CMPT 469 Presentation @Hongyi Zhang

October 15, 2015

Noises could be generated.

```
imnoise(I, 'gaussian'); % generated by Matlab
```

It's not uncommon to discover noises in natural images.

SFU Diamond Alumni Center | Cute Jellyfish and their Excreta |

Recall Image Formation: images noises and ISO

We have learned in class that higher ISO will result in more noises.

- Propose a new measurement,
*Method Noise*, to compare different denoising methods - Propose a new denoising algorithm,
*Non-Local Mean*, based on non-local averaging

Method noise is defined as the image difference. Let u be an image and Dh a denoising operator depending on a filtering parameter h.

```
Method Noise = u(original image) - Dh*u(processed image)
```

A good denoising method should have method noise containing as little structures as possible.

Intuition: reduce noise by averaging nearby pixels and weights are decided by distance.

By design, Gaussian filter is optimal in flat part, but edges are not preserved.

Any better idea to preserve edges?

- Assumption: edges must have different intensities.
- Instead of taking average of all nearby pixels, we only consider nearby pixels with similar greyscale intensities.
- Does this idea sound familiar?...We already learned one of the neighborhood filtering.
*The Bilateral filter!*

It can be implemented with two Gaussian kernels

- First Gaussian for weights of distance.
- Second Gaussian for weights of pixel values.

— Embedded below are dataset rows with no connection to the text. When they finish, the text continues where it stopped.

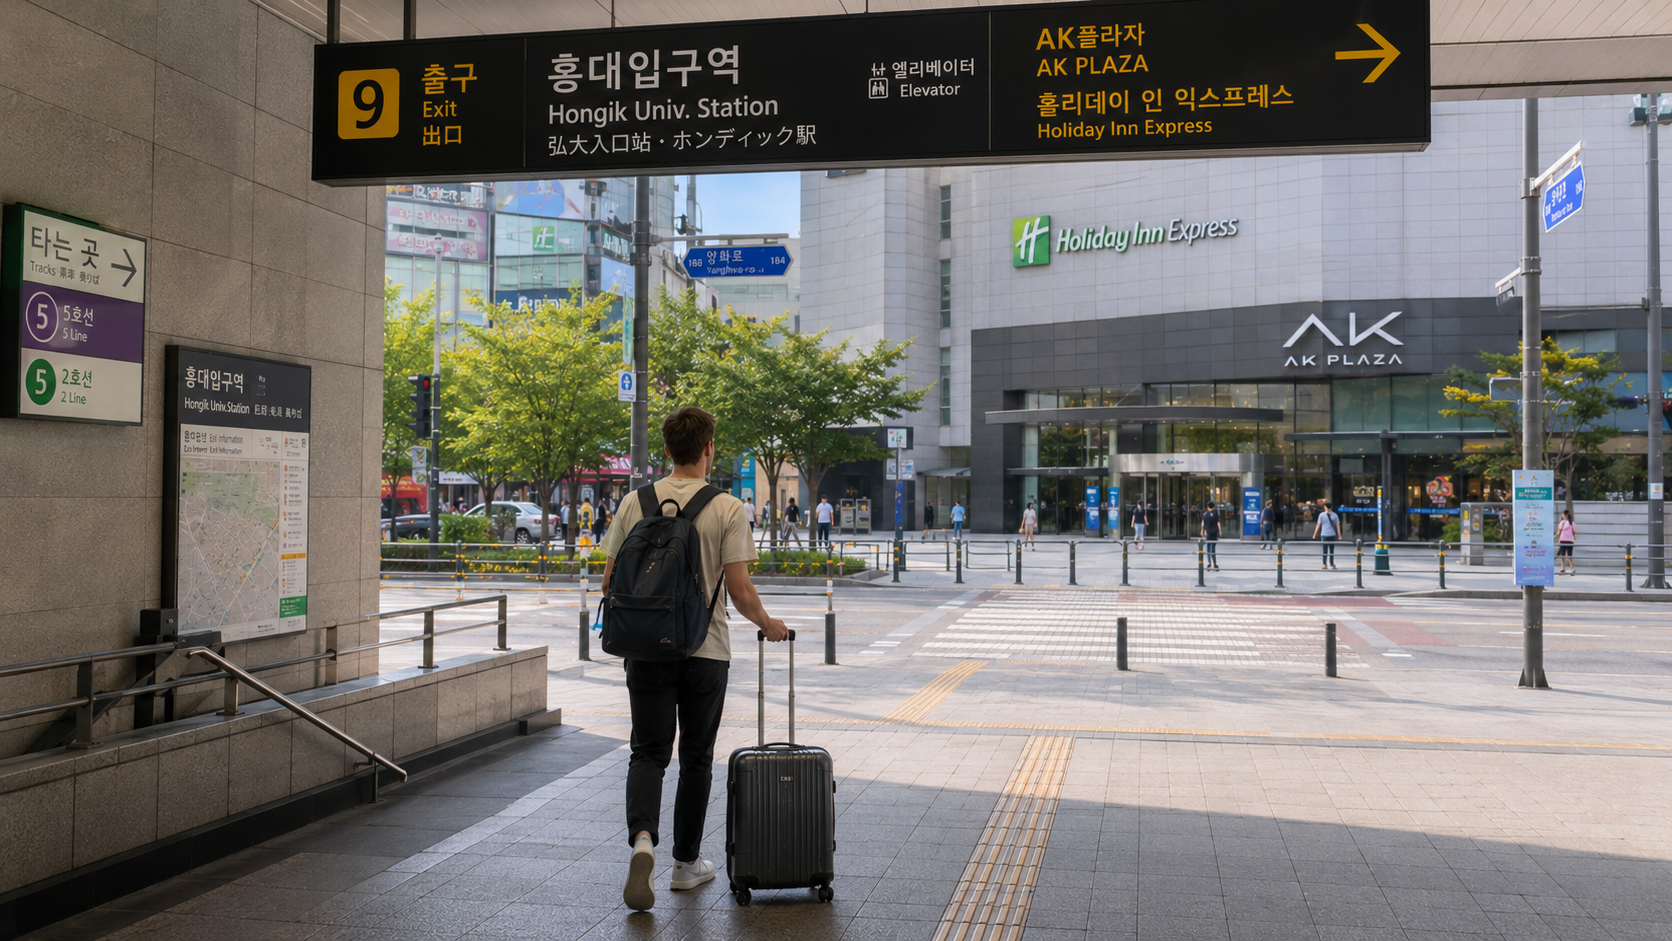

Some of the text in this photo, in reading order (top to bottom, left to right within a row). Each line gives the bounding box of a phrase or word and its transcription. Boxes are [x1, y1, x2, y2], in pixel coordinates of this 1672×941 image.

[1036, 23, 1146, 50] AK플라자
[548, 45, 739, 93] 홍대입구역
[892, 57, 975, 79] 엘리베이터
[1036, 54, 1149, 77] AK PLAZA
[421, 63, 478, 95] 출구
[900, 83, 961, 98] Elevator
[353, 79, 384, 129] 9
[423, 100, 457, 118] Exit
[549, 95, 779, 128] Hongik Univ. Station
[1037, 84, 1294, 117] 홀리데이 인 익스프레스
[423, 124, 462, 146] 出口
[1038, 119, 1213, 140] Holiday Inn Express
[31, 226, 99, 269] 타는 곳
[1056, 218, 1239, 252] Holiday Inn Express
[36, 303, 48, 329] 5
[63, 305, 93, 327] 5호선
[62, 327, 87, 342] 5 Line
[1282, 311, 1404, 348] AK
[1284, 354, 1402, 367] AK PLAZA
[35, 368, 47, 395] 5
[61, 391, 86, 405] 2 Line

Reference: CMPT 469 course material post processing slides

Image from Bilateral Filtering for Gray and Color Images

So far, neighborhood filter looks like a promising way to solve the problem. However, is it really convincing to only compare grayscale intensities?

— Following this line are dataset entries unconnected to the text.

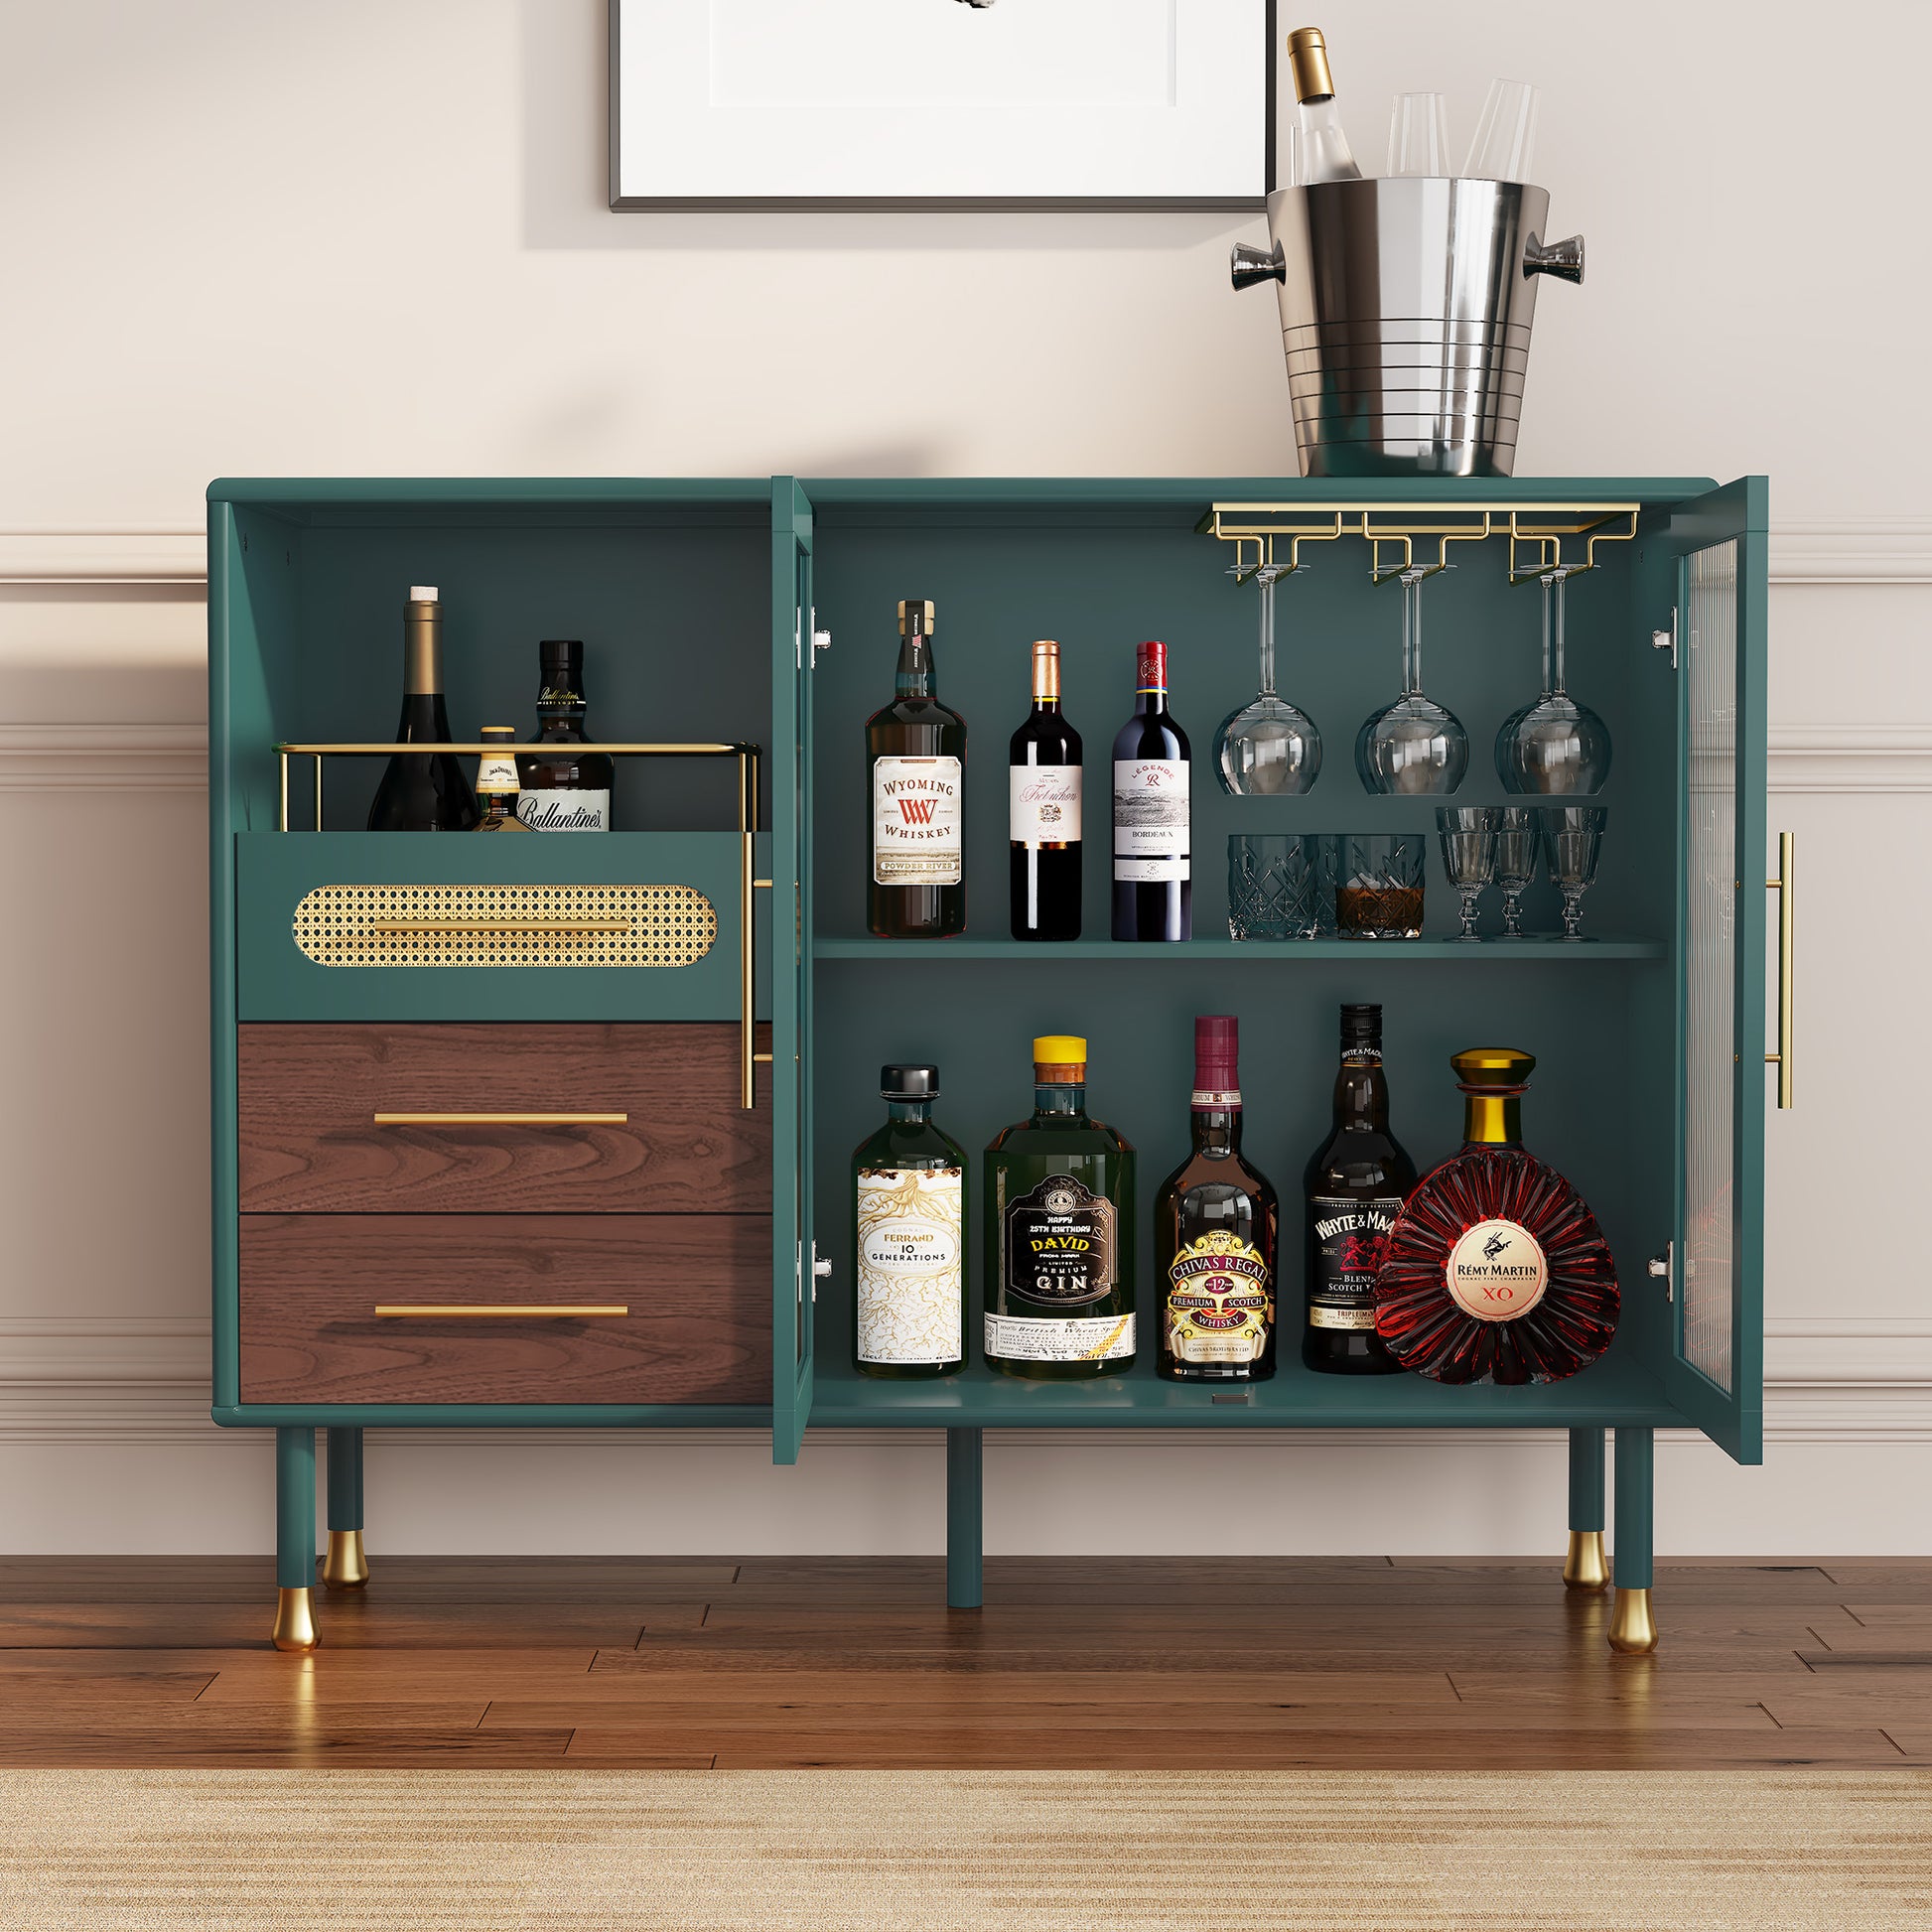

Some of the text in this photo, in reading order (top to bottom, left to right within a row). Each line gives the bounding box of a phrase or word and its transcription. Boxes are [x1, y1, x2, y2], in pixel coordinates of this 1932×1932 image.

[883, 779, 954, 796] WYOMING
[518, 797, 602, 828] Ballantine's
[885, 824, 951, 839] WHISKEY
[1315, 1214, 1358, 1241] WHYTE
[1357, 1214, 1366, 1227] &
[901, 1244, 914, 1254] 10
[1031, 1235, 1090, 1252] DAVID
[1034, 1265, 1088, 1274] PREMIUM
[1173, 1257, 1265, 1282] CHIVAS REGAL
[1457, 1264, 1537, 1276] RÉMY MARTIN
[1036, 1275, 1088, 1290] GIN
[1212, 1278, 1226, 1291] 12
[1327, 1283, 1362, 1292] SCOTCH
[1173, 1297, 1262, 1307] PREMIUM SCOTCH
[1481, 1287, 1514, 1302] XO
[1198, 1315, 1240, 1328] WHISKY

Relying on grayscale intensities in not robust if these values are noisy...

- AF does not perform same filtering in every direction.
- first proposed by Perona and Malik(1990), now widely used to in 3D computer graphics to enhance textures

- Edge detection by image gradient: diffuse one pixel only along the direction orthogonal to the direction of its gradient.
- Use 1D Gaussian as kernel
- Also space variant!

We could imagine that the result would be opposite to the isotropic Gaussian filtering. AF performs well on edges, while causing troubles to flat areas.

- Introduced by Rudin, Osher and Fatemi.
- Variance: the difference of values between adjacent pixels
- Assumption: original image should be smooth, thus the total variance should be minimized.

u: result image

v: noisy image

lambda: scalar, adjusting the degree of smoothness

Recall seamless cloning. They are both minimization problems and the process of calculation is similar.

Edges are maintained, but adjusting lambda could be a problem. If lambda is too small here, flat areas could over-smoothed.

Are classic methods good enough?

- Probably no...
- They are more or less smoothing methods, trying to separate the noises rather than correct them.
- Only neighbors are considered.

- Basic idea: for one single pixel i, the new estimated value is a weighted average of all pixels in the image.
- If the pixel is more similar to pixel i, it has a higher weight. The total weight is 1.
- Q: How do we define similarities?

The answer is the neighbors!

For two neighbors, the similarity between them is defined as the Euclidean distance convoled with a Gaussian kernel. The final weights need to be normalized.

Those pixels has entirely different neighbor structures tend to have zero weight.

Almost the same as texture synthesis! They share the same way to pick candidate pixels(calculate neighbor distances).

- Some minor differences
- Texture synthesis wants to generate a new image, while the goal of NL-mean denoising is to correct itself.
- Texture synthesis is in favor of randomness so it picks a random cadidate. NL-mean acts the opposite. It takes the average to eliminrate randomness.

But again, the idea behind them is exactly the same.

1. Original image 2. Gaussian Filtering 3. Anisotropic filtering

4. Total variation minimization 5. Neighborhood filtering 6. NL-means algorithm

1. Original image 2. Gaussian Filtering 3. Anisotropic filtering

4. Total variation minimization 5. Neighborhood filtering 6. NL-means algorithm

By nature, NL-mean method serves better on texture-like images. But we can see that it still generates satisfying results of natural images due to natural redundancies.

The disadvantage of this method is its high computational complexity. In practice, the search of similar pixels is restricted to a relatively large window size. 21*21 window size is applied in the above examples.